Siamo abituati a pensare alla disabilità come a un problema “personale”, un difetto, uno svantaggio di chi la vive. Ma questa è una visione sbagliata, superata e, soprattutto, ingiusta. La disabilità, infatti, non è un problema della persona: è un problema della società.
Lo afferma chiaramente la Convenzione ONU sui Diritti delle Persone con Disabilità, ratificata anche dall’Italia [con la Legge 18/09, N.d.R.]. Non è la menomazione fisica, sensoriale o cognitiva a creare disabilità, ma le barriere – fisiche, culturali, comunicative e sociali – che impediscono alle persone di partecipare pienamente alla vita della comunità.

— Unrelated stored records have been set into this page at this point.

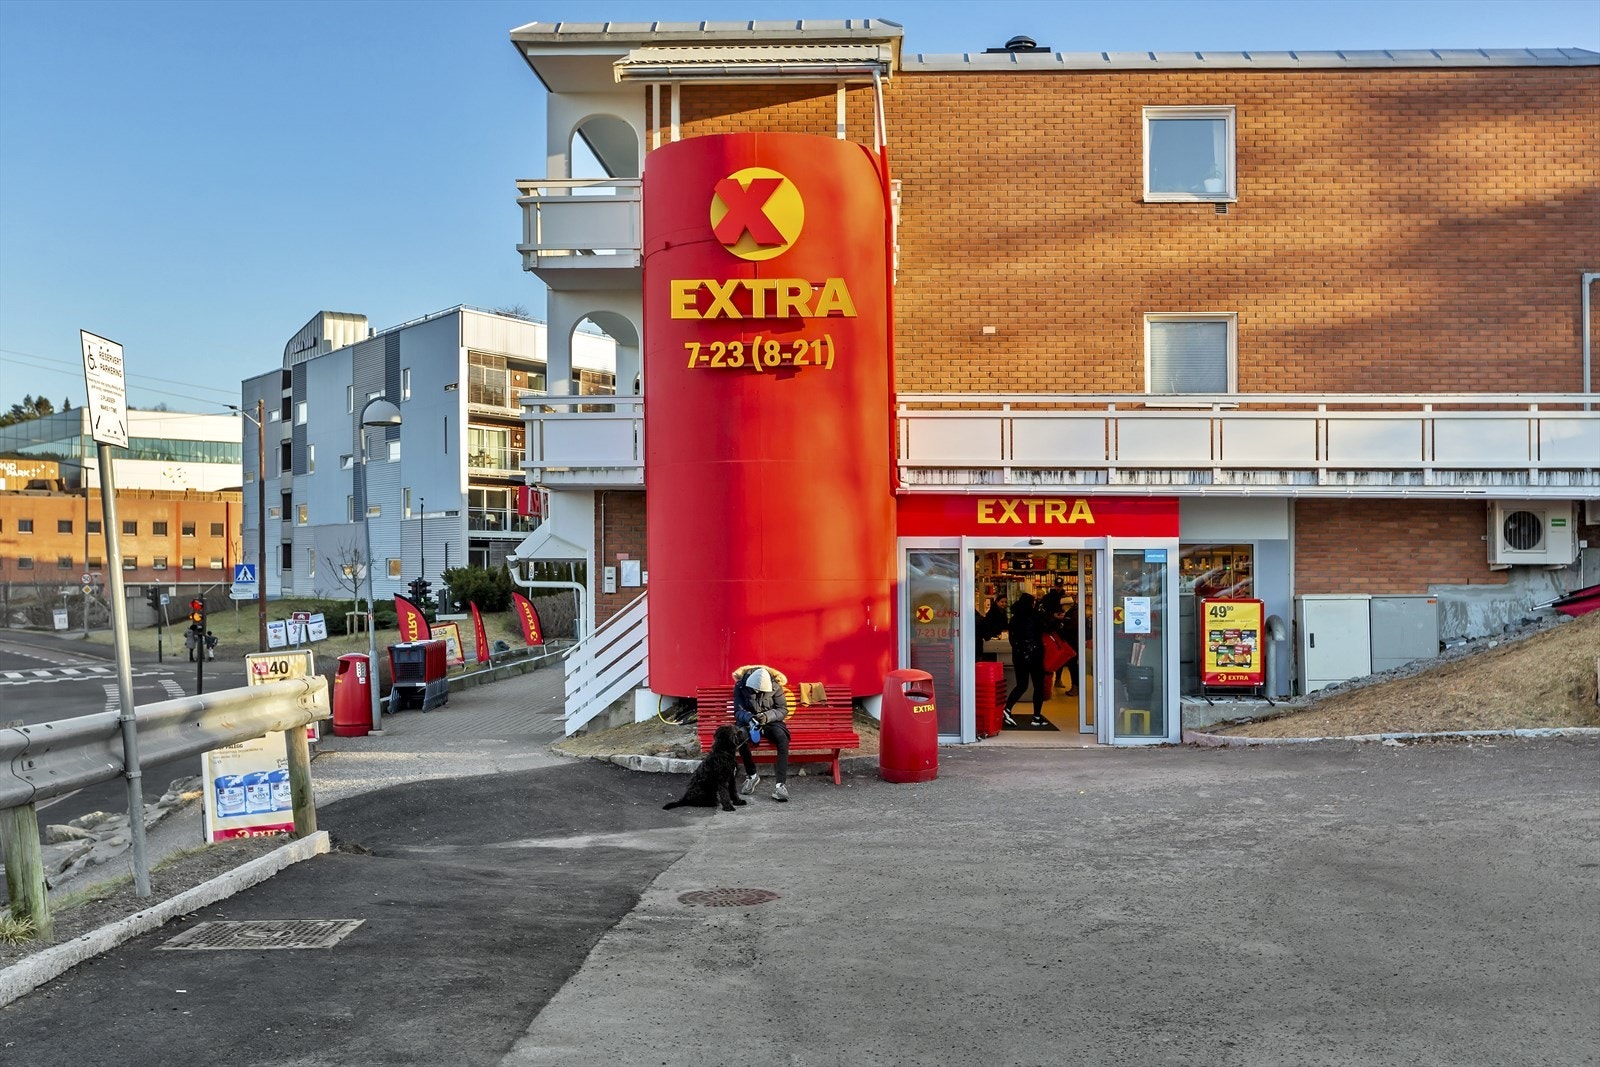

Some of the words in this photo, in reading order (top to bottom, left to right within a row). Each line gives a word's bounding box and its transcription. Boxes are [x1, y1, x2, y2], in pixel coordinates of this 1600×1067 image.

[671, 278, 857, 319] EXTRA
[684, 340, 745, 369] 7-23
[752, 334, 836, 372] (8-21)
[6, 469, 30, 477] PARK
[977, 499, 1096, 525] EXTRA
[1210, 605, 1227, 618] 49
[917, 628, 936, 637] 7-23
[938, 628, 960, 638] (821
[269, 660, 289, 675] 40
[913, 704, 935, 713] EXTRA

Se io sono in sedia a rotelle e vado in pizzeria con degli amici, ma trovo dei gradini, è l’ambiente che mi “disabilita”. Altrimenti non mi accorgerei nemmeno di muovermi con delle ruote.
Un marciapiede senza scivolo, un sito web non accessibile, una scuola senza sostegni adeguati, un concorso pubblico con barriere digitali: sono solo alcuni esempi di ostacoli che trasformano una condizione in una disabilità. Quando invece la società si organizza per essere inclusiva, la disabilità smette di essere un limite e diventa semplicemente una delle tante diversità umane.

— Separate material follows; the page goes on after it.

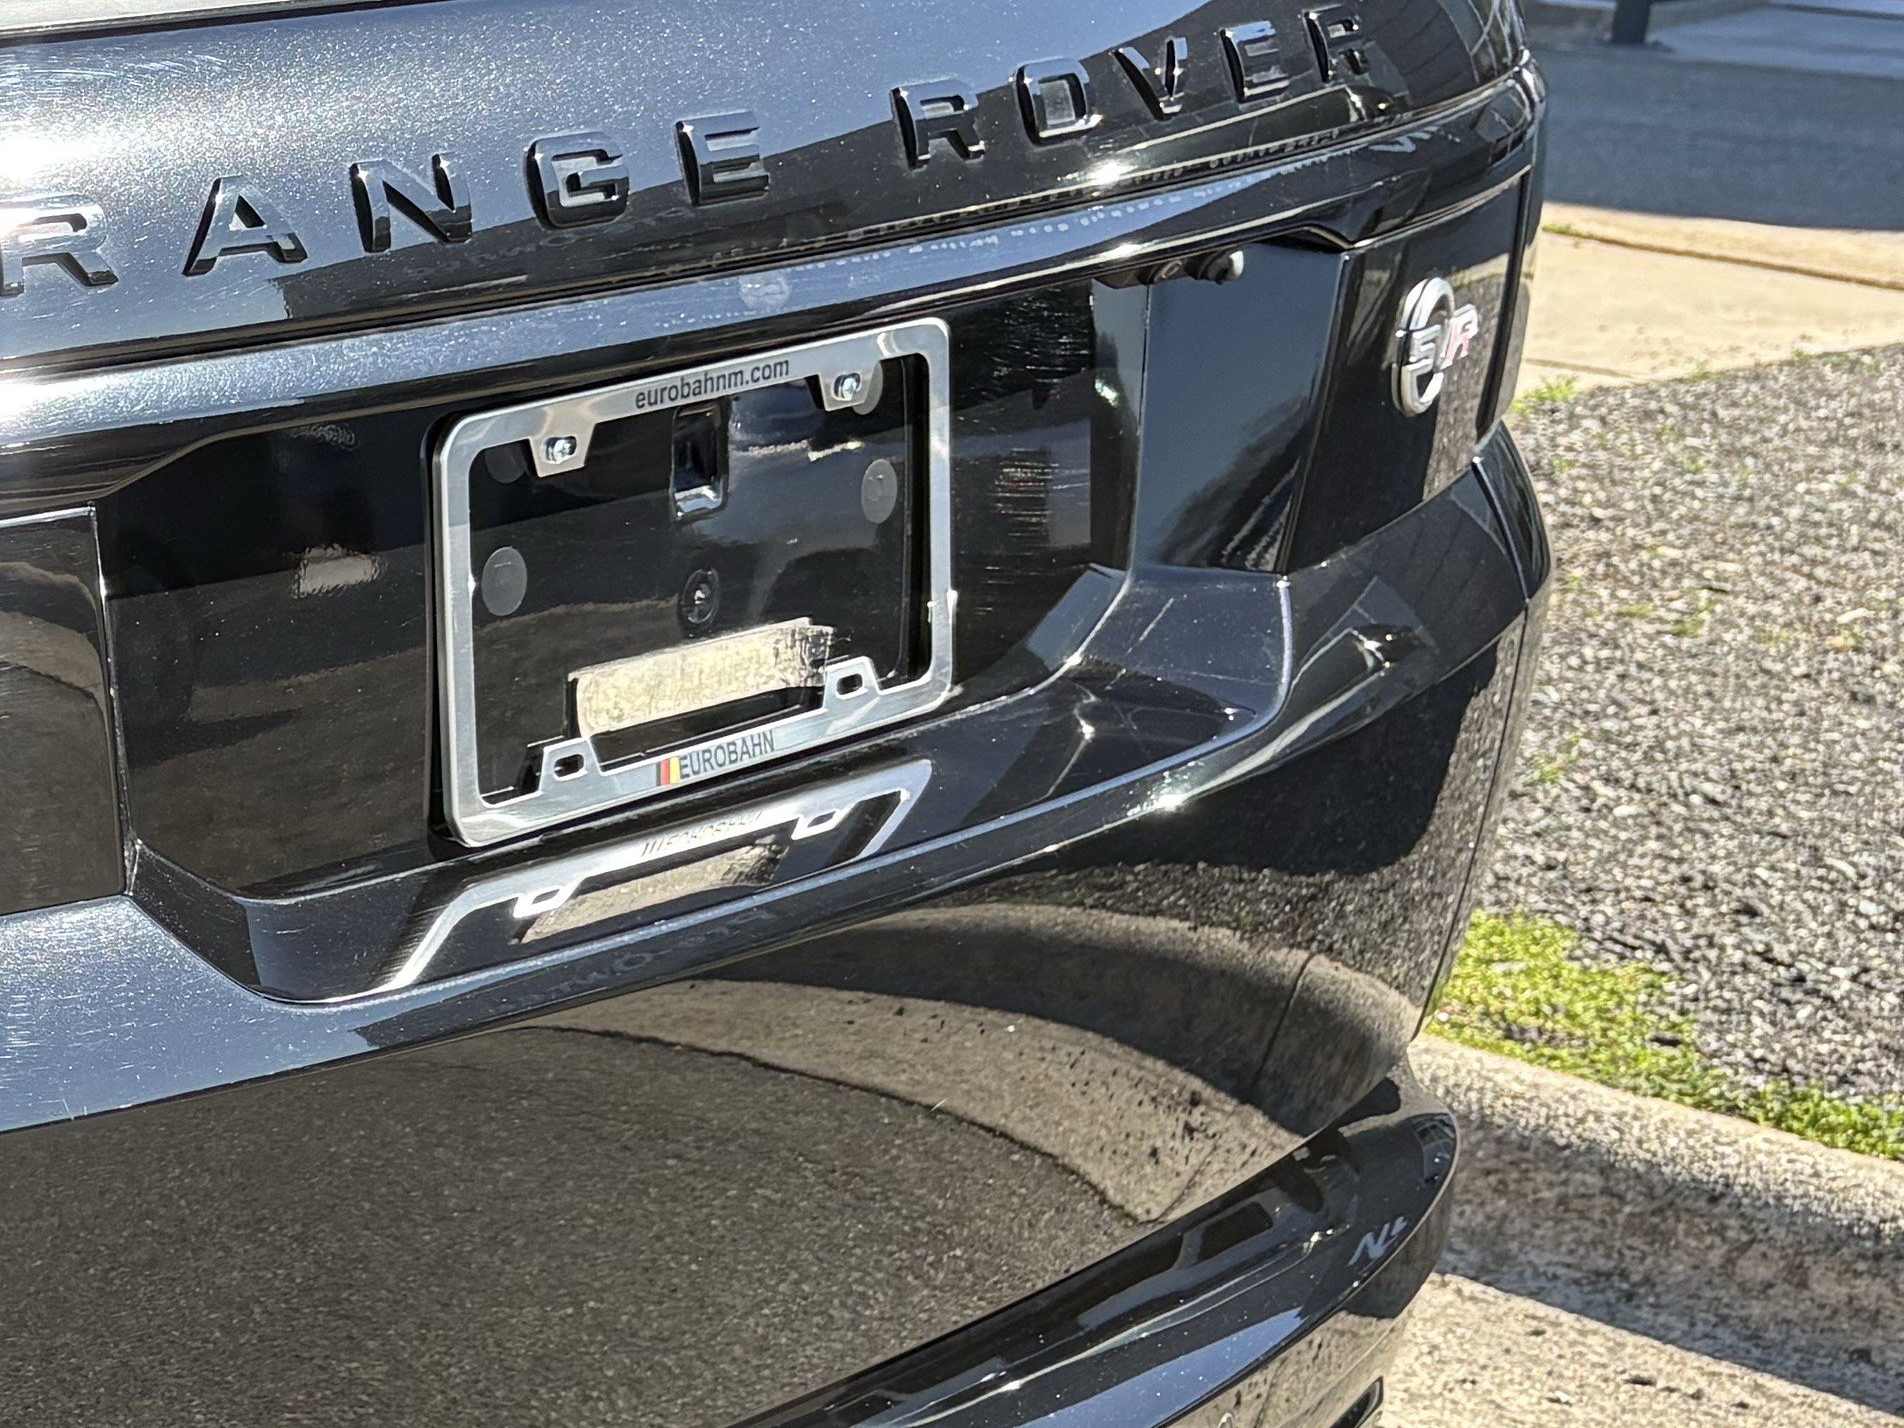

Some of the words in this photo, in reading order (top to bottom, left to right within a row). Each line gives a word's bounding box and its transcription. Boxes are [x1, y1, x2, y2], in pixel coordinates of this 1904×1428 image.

La grande attivista americana Judy Heumann diceva: «La disabilità diventa una tragedia solo quando la società non riesce a fornire le cose di cui abbiamo bisogno per condurre le nostre vite – opportunità di lavoro o edifici senza barriere, per esempio. Non è una tragedia per me il fatto di vivere su una sedia a rotelle». Ed è proprio così.
Essere inclusivi non significa “aiutare i più fragili”, ma riconoscere i diritti di tutti. Significa progettare spazi, servizi e opportunità pensando sin dall’inizio a tutte le persone, non solo a quelle “standard”.

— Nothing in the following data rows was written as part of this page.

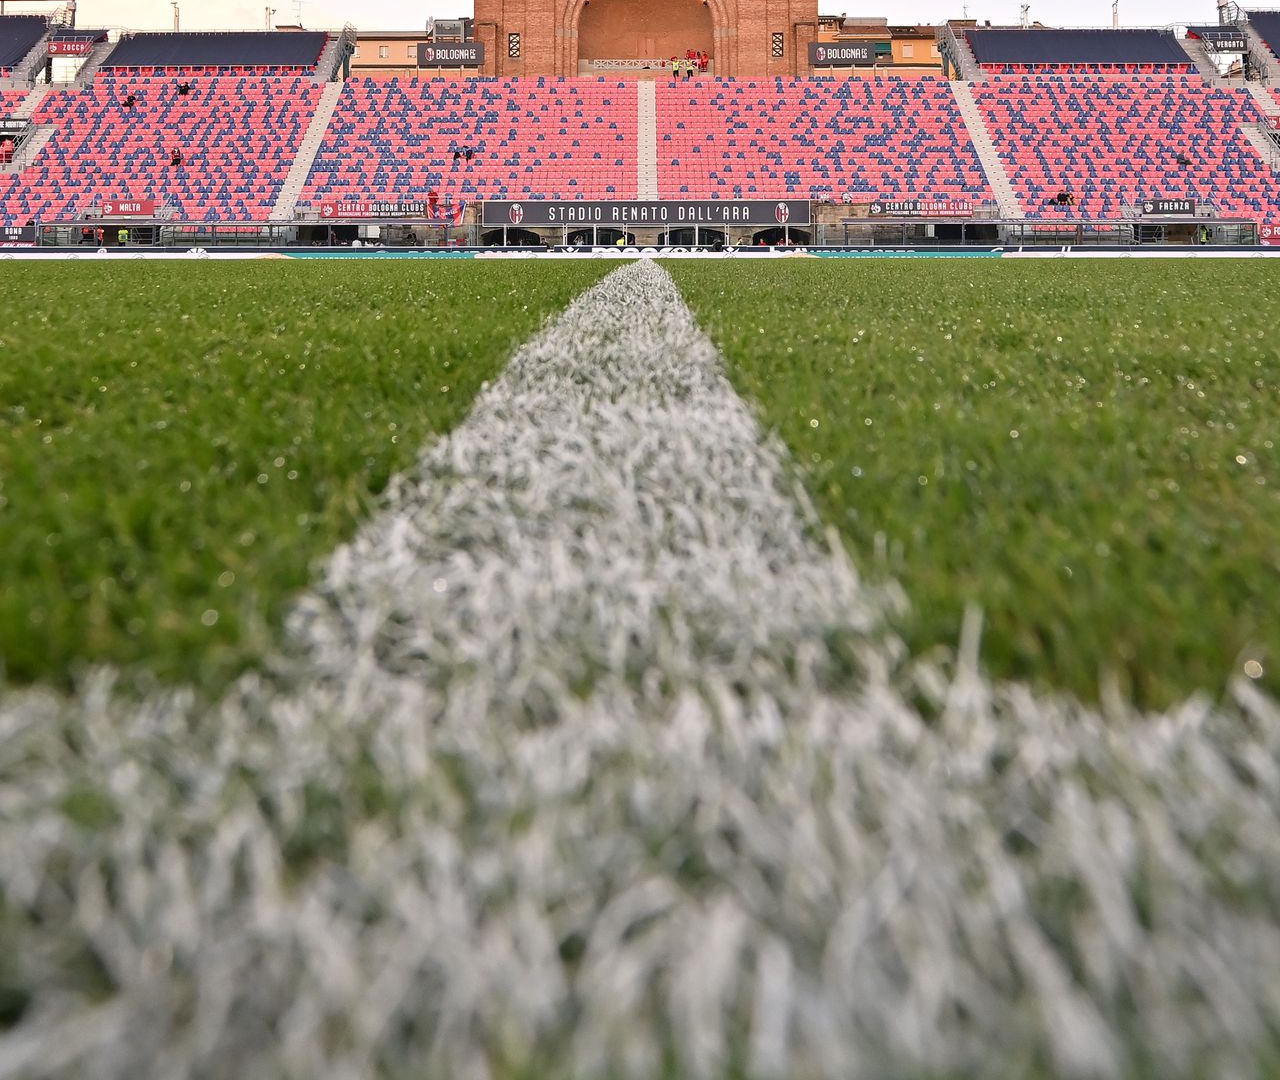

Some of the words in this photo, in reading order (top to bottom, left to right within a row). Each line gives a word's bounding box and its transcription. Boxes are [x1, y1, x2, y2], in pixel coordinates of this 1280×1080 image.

[436, 49, 469, 60] BOLOGNA
[827, 48, 861, 59] BOLOGNA
[119, 204, 140, 212] MALTA
[337, 204, 365, 212] CENTRO
[368, 204, 398, 212] BOLOGNA
[401, 204, 424, 212] CLUBS
[885, 202, 913, 210] CENTRO
[917, 202, 947, 210] BOLOGNA
[950, 202, 973, 210] CLUBS
[1159, 202, 1190, 210] FAENZA
[549, 207, 601, 220] STADIO
[612, 207, 667, 220] RENATO
[678, 206, 750, 220] DALL'ARA

E poi, chi è davvero “standard”? Come ricordava Franco Basaglia, il grande psichiatra che nel 1978 contribuì alla chiusura dei manicomi, «visto da vicino, nessuno è normale».
In Italia è in corso un’importante e imponente riforma della disabilità – che in provincia di Brindisi entrerà in vigore dal 1° gennaio 2027 – e che si ispira proprio a questo approccio. Il principale ostacolo, però, sarà culturale: cambiare la mentalità di tutti, cittadini, operatori professionali e istituzioni. Non sarà facile e richiederà tempo, ma sono certo che ce la faremo.
*Garante per i diritti delle persone con disabilità del Comune di San Vito dei Normanni (Brindisi).